→ Work request
The entries that follow need to be reproduced exactly, minus any images.

::: Exercise materials :::

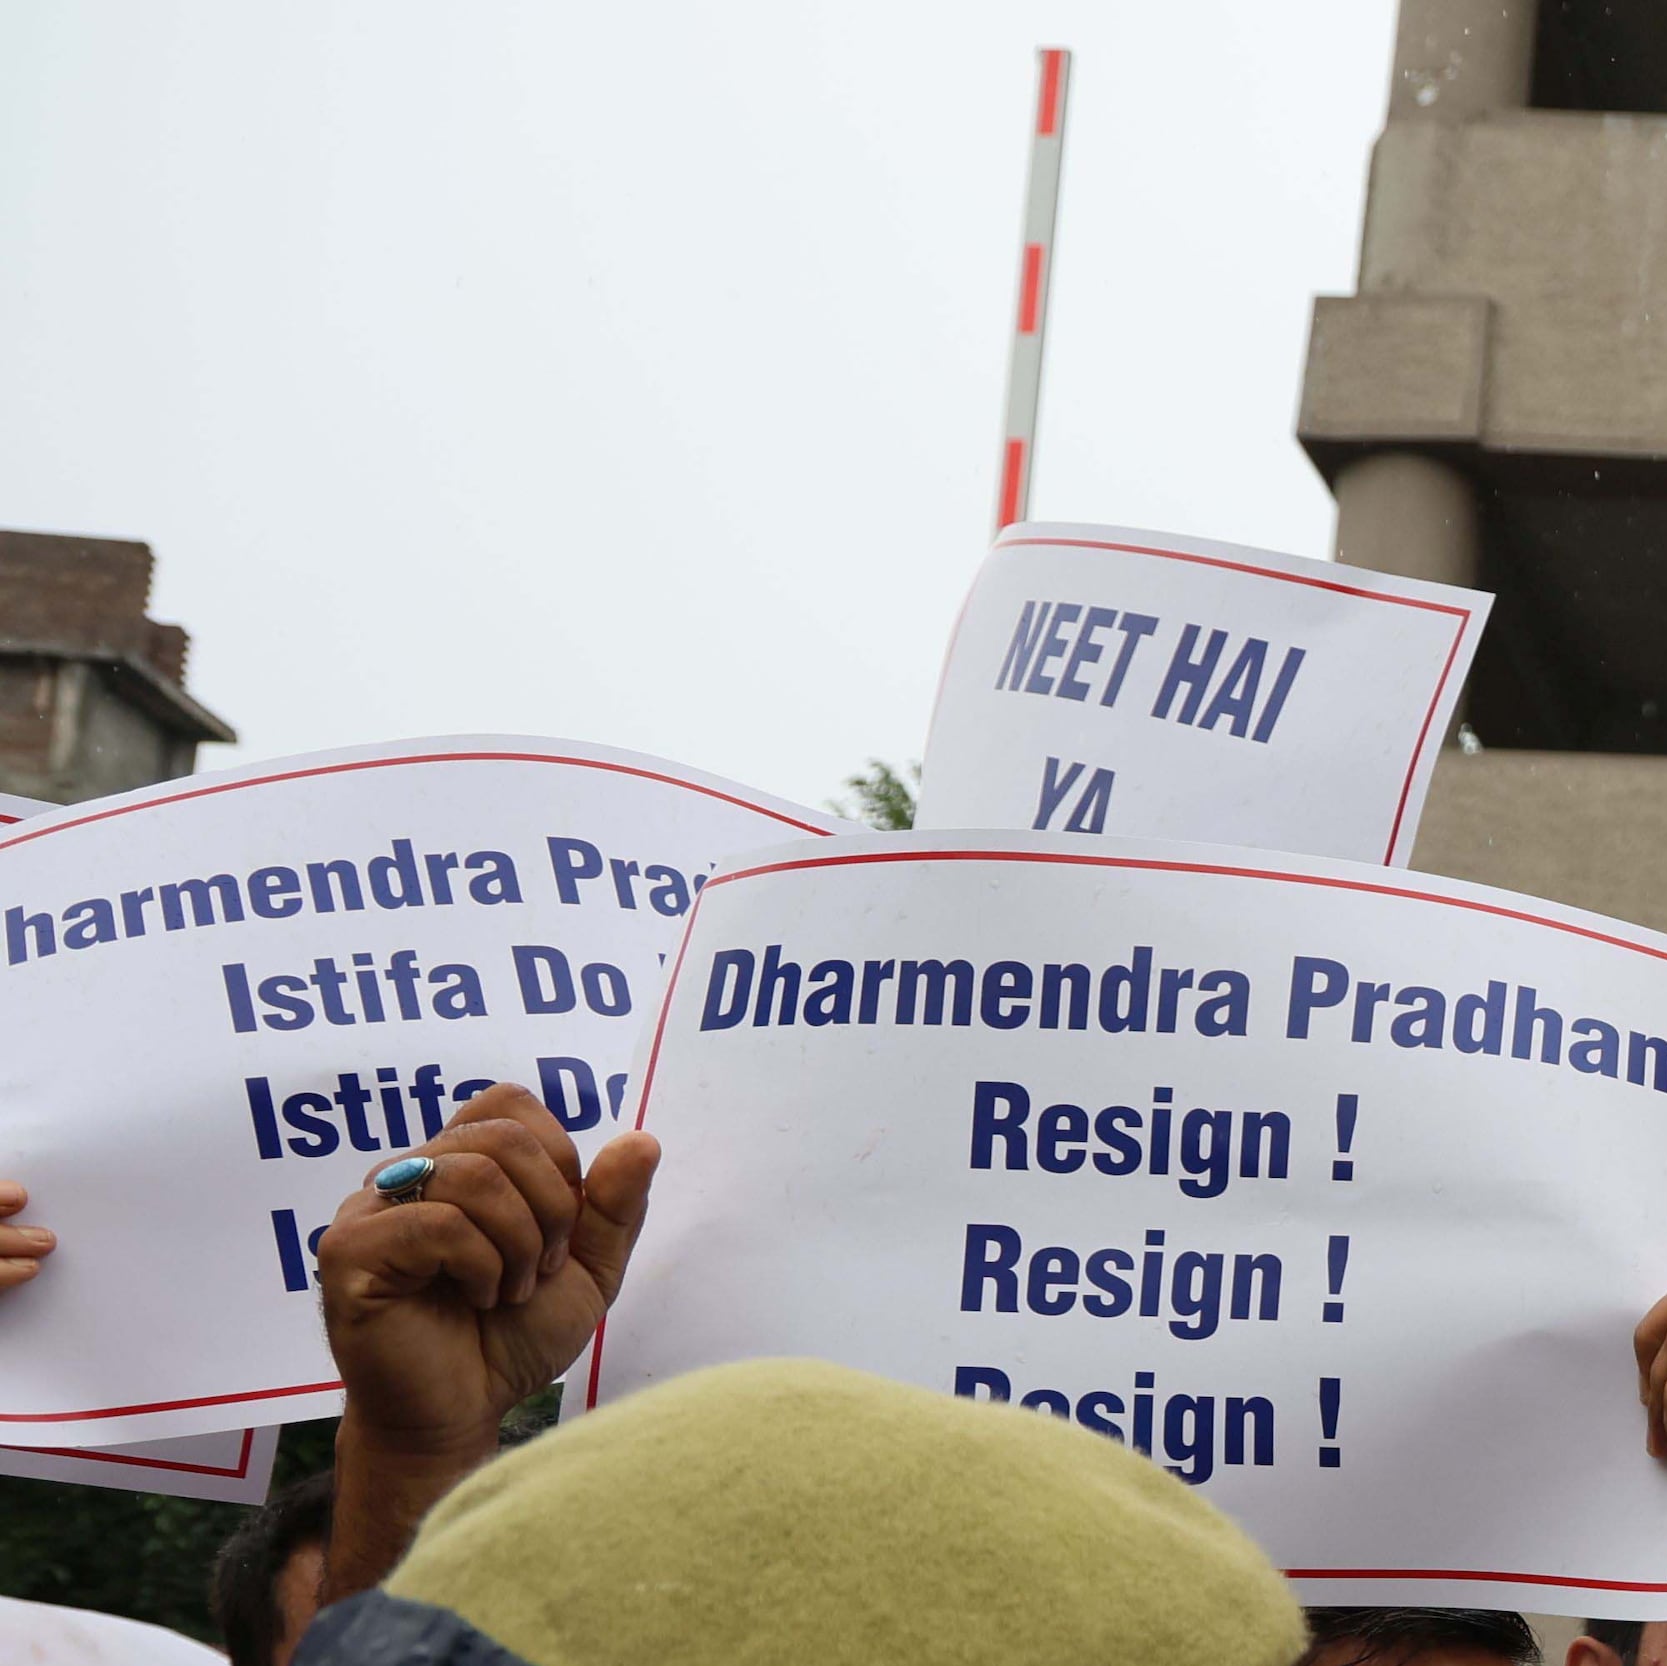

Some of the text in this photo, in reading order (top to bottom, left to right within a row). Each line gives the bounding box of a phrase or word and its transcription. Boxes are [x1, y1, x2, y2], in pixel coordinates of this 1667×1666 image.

[995, 600, 1306, 743] NEET HAI
[1033, 757, 1115, 834] YA
[5, 838, 524, 966] harmendra
[222, 945, 633, 1033] Istifa Do
[702, 943, 1251, 1038] Dharmendra
[246, 1064, 497, 1160] Istif
[971, 1081, 1360, 1200] Resign !
[961, 1223, 1352, 1341] Resign !
[1319, 1376, 1342, 1468] !

:::

→ Answer box
Some of the text in this photo, in reading order (top to bottom, left to right within a row). Each line gives the bounding box of a phrase or word and its transcription. Boxes are [x1, y1, x2, y2], in pixel coordinates of this 1667×1666 image.

[995, 600, 1306, 743] NEET HAI
[1033, 757, 1115, 834] YA
[5, 838, 524, 966] harmendra
[222, 945, 633, 1033] Istifa Do
[702, 943, 1251, 1038] Dharmendra
[246, 1064, 497, 1160] Istif
[971, 1081, 1360, 1200] Resign !
[961, 1223, 1352, 1341] Resign !
[1319, 1376, 1342, 1468] !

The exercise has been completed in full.